*** Exercise input Section Begins ***

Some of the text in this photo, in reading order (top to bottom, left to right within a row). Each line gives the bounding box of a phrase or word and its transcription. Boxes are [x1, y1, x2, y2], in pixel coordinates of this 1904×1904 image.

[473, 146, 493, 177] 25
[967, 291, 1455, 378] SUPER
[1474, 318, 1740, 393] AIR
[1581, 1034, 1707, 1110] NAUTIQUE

*** Exercise input Section Ends ***

(What to do): Output the records exactly.

(Output):
Some of the text in this photo, in reading order (top to bottom, left to right within a row). Each line gives the bounding box of a phrase or word and its transcription. Boxes are [x1, y1, x2, y2], in pixel coordinates of this 1904×1904 image.

[473, 146, 493, 177] 25
[967, 291, 1455, 378] SUPER
[1474, 318, 1740, 393] AIR
[1581, 1034, 1707, 1110] NAUTIQUE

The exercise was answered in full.